Results 5016 references were identified and 40 studies included. 49 risk of bias assessments were carried out (one for each population and method evaluated). High risk of patient selection bias was found in 98% (48/49) of assessments and high or unclear risk of bias from performance or interpretation of the serological test in 73% (36/49). Only 10% (4/40) of studies included outpatients. Only two studies evaluated tests at the point of care. For each method of testing, pooled sensitivity and specificity were not associated with the immunoglobulin class measured. The pooled sensitivity of ELISAs measuring IgG or IgM was 84.3% (95% confidence interval 75.6% to 90.9%), of LFIAs was 66.0% (49.3% to 79.3%), and of CLIAs was 97.8% (46.2% to 100%). In all analyses, pooled sensitivity was lower for LFIAs, the potential point-of-care method. Pooled specificities ranged from 96.6% to 99.7%. Of the samples used for estimating specificity, 83% (10 465/12 547) were from populations tested before the epidemic or not suspected of having covid-19. Among LFIAs, pooled sensitivity of commercial kits (65.0%, 49.0% to 78.2%) was lower than that of non-commercial tests (88.2%, 83.6% to 91.3%). Heterogeneity was seen in all analyses. Sensitivity was higher at least three weeks after symptom onset (ranging from 69.9% to 98.9%) compared with within the first week (from 13.4% to 50.3%).
Conclusion Higher quality clinical studies assessing the diagnostic accuracy of serological tests for covid-19 are urgently needed. Currently, available evidence does not support the continued use of existing point-of-care serological tests.
Study registration PROSPERO CRD42020179452.
Accurate and rapid diagnostic tests will be critical for achieving control of coronavirus disease 2019 (covid-19), a pandemic illness caused by severe acute respiratory syndrome coronavirus 2 (SARS-CoV-2). Diagnostic tests for covid-19 fall into two main categories: molecular tests that detect viral RNA, and serological tests that detect anti-SARS-CoV-2 immunoglobulins. Reverse transcriptase polymerase chain reaction (RT-PCR), a molecular test, is widely used as the reference standard for diagnosis of covid-19; however, limitations include potential false negative results,12 changes in diagnostic accuracy over the disease course,3 and precarious availability of test materials.4 Serological tests have generated substantial interest as an alternative or complement to RT-PCR in the diagnosis of acute infection, as some might be cheaper and easier to implement at the point of care. A clear advantage of these tests over RT-PCR is that they can identify individuals previously infected by SARS-CoV-2, even if they never underwent testing while acutely ill. As such, serological tests could be deployed as surveillance tools to better understand the epidemiology of SARS-CoV-2 and potentially inform individual risk of future disease.

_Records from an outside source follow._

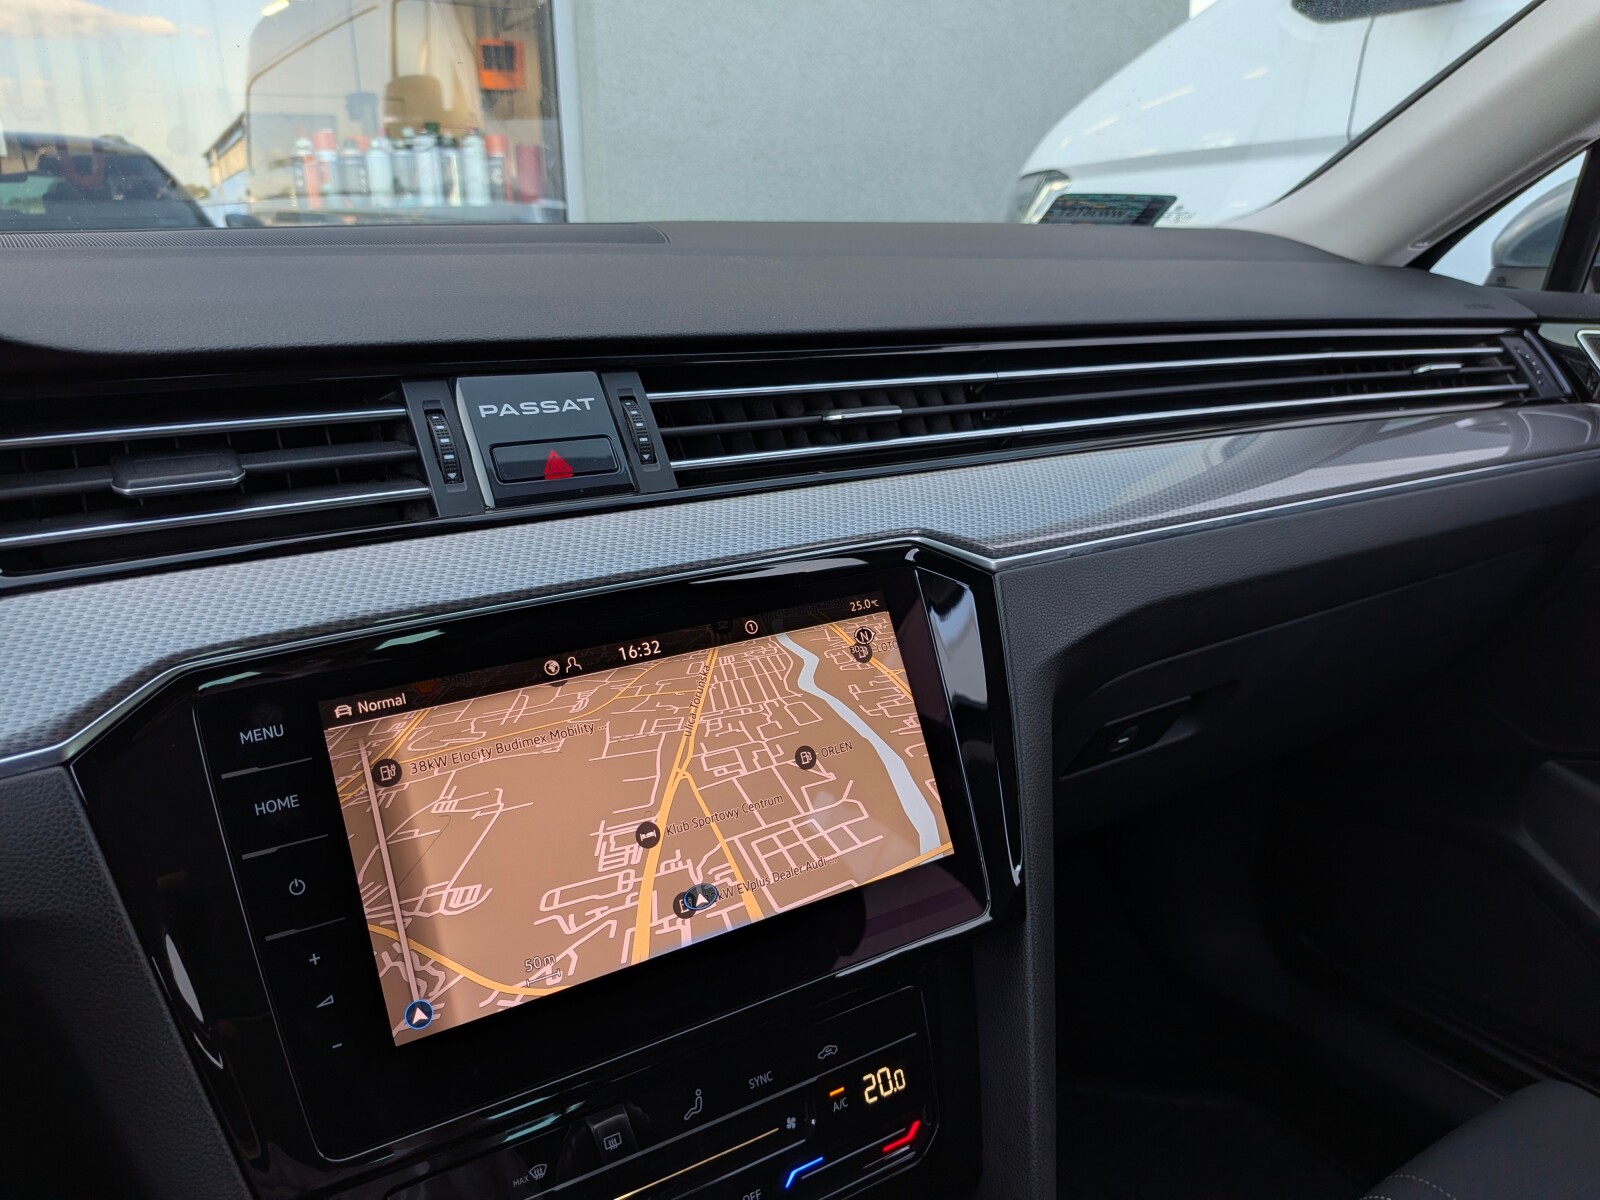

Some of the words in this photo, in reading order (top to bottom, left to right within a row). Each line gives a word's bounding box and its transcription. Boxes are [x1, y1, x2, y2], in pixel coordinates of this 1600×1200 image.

[479, 398, 595, 418] PASSAT
[860, 631, 869, 641] N
[618, 640, 662, 661] 16:32
[357, 693, 407, 714] Normal
[239, 723, 285, 745] MENU
[684, 712, 697, 737] ulica
[409, 755, 448, 775] 38kW
[451, 745, 492, 765] Elocity
[495, 733, 547, 754] Budimex
[550, 722, 595, 742] Mobility
[821, 741, 853, 759] ORLEN
[254, 794, 300, 816] HOME
[666, 817, 689, 837] Klub
[691, 806, 739, 830] Sportowy
[741, 794, 784, 815] Centrum
[772, 865, 804, 883] Dealer
[805, 856, 827, 873] Audi
[748, 1070, 774, 1090] SYNC
[863, 1066, 906, 1104] 20.0
[832, 1097, 849, 1113] A/C
[512, 1174, 530, 1188] MAX
[742, 1188, 763, 1200] OFF
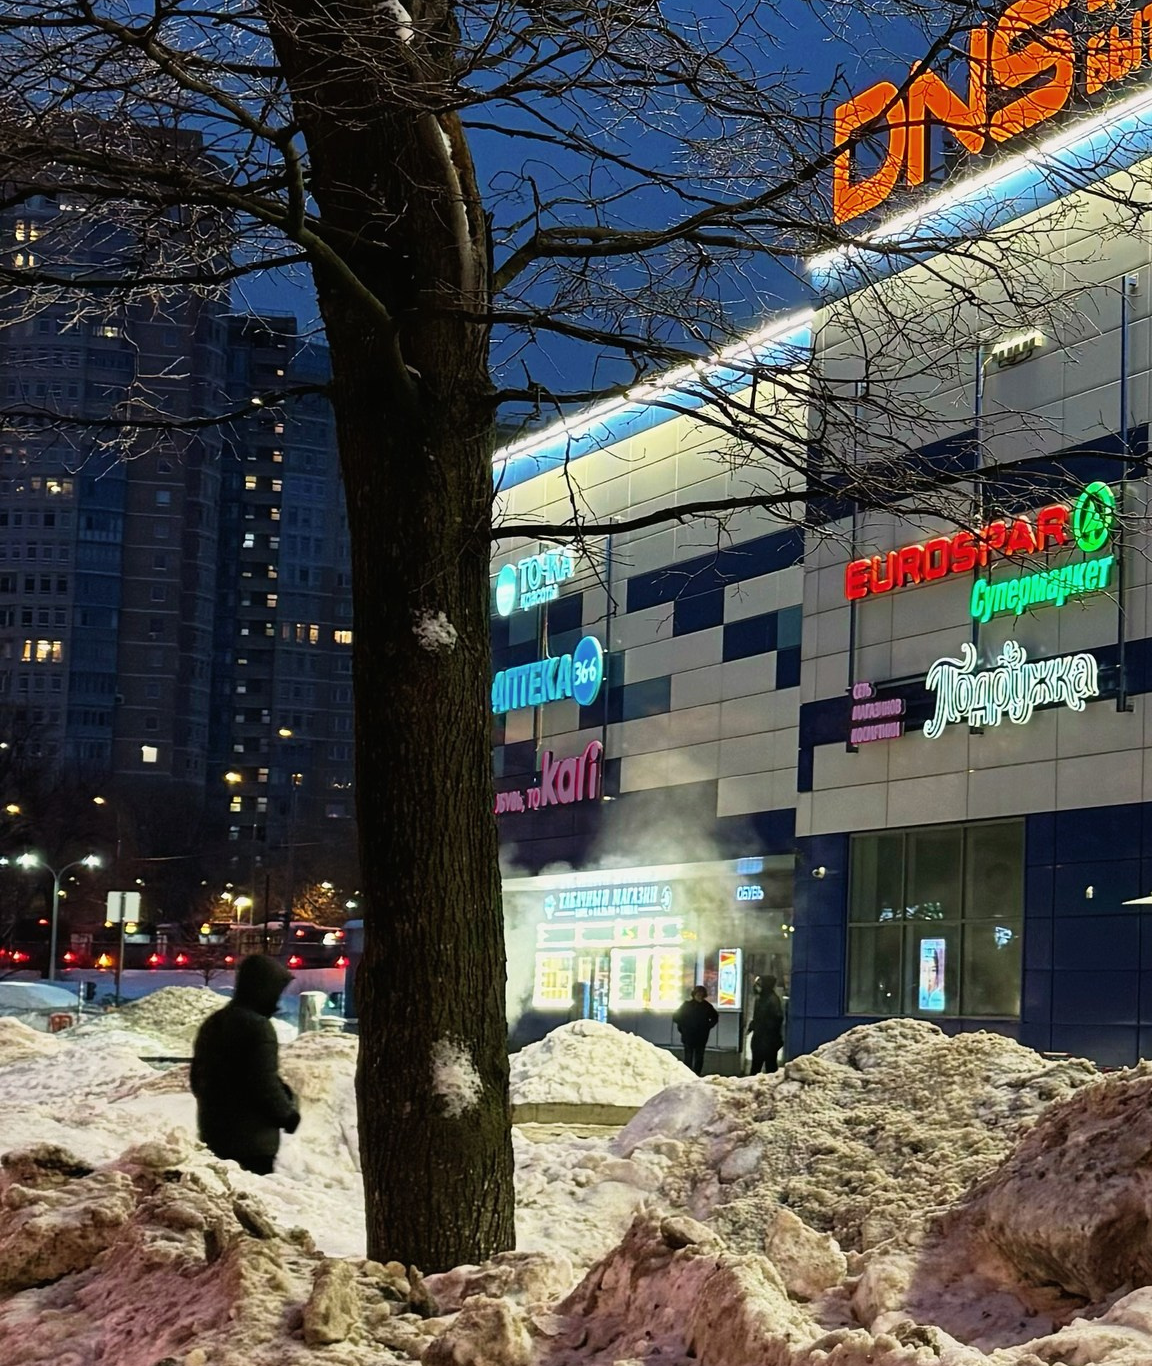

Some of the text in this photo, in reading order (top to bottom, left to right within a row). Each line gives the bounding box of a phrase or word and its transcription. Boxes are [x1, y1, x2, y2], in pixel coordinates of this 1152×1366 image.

[518, 544, 576, 593] ТОЧКА
[844, 503, 1072, 601] EUROSPAR
[969, 555, 1115, 624] Супермаркет
[491, 653, 573, 715] АПТЕКА
[923, 640, 1099, 739] Подружка
[541, 741, 603, 807] kari
[736, 885, 765, 901] ОБУВЬ
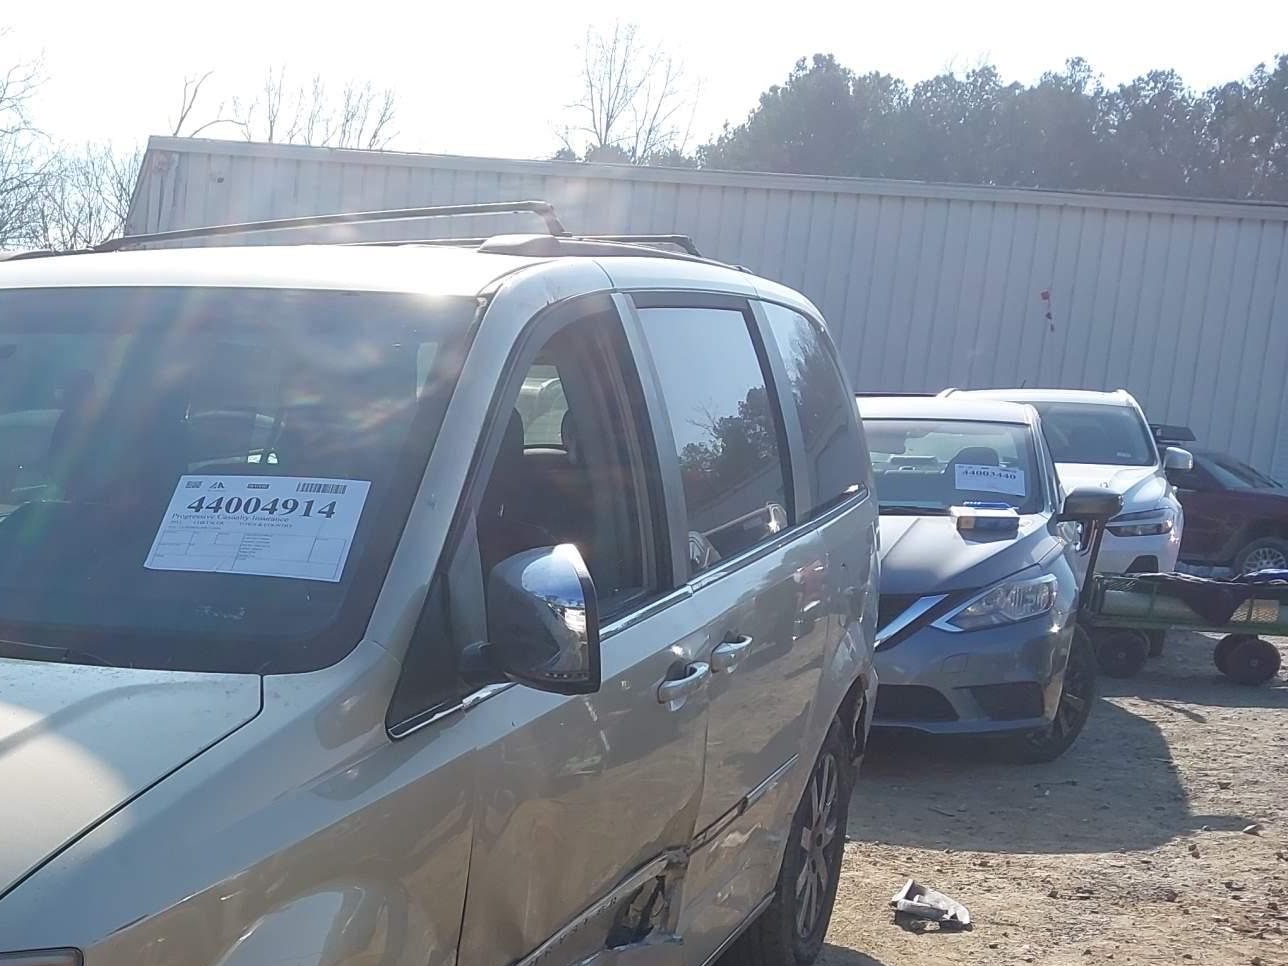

Many serological tests for covid-19 have become available in a short period, including some marketed for use as rapid, point-of-care tests. The pace of development has, however, exceeded that of rigorous evaluation, and important uncertainty about test accuracy remains.5 We undertook a systematic review and meta-analysis to assess the diagnostic accuracy of serological tests for SARS-CoV-2 infection. Our objectives were to evaluate the quality of the available evidence, to compare pooled sensitivities and specificities of different test methods, and to identify study, test, and patient characteristics associated with test accuracy.
Search strategy and selection criteria
Our systematic review and meta-analysis is reported according to the preferred reporting items for systematic reviews and meta-analyses (PRISMA) guidelines6 (see supplementary file). We searched Ovid-Medline for studies published in 2020, with no restrictions on language. Subject headings/subheadings (when applicable) combined with text words were used for the concepts of covid-19 (or SARS-CoV-2) and serological tests. The supplementary file provides the complete search strategy, run on 6 April 2020 and repeated on 30 April 2020. To identify pre-peer reviewed (preprints) studies, we searched the entire list of covid-19 preprints from medRxiv and bioRxiv (https://connect.medrxiv.org/relate/content/181) initially on 4 April 2020, and again on 28 April 2020. We also considered articles referred by colleagues or identified in references of included studies.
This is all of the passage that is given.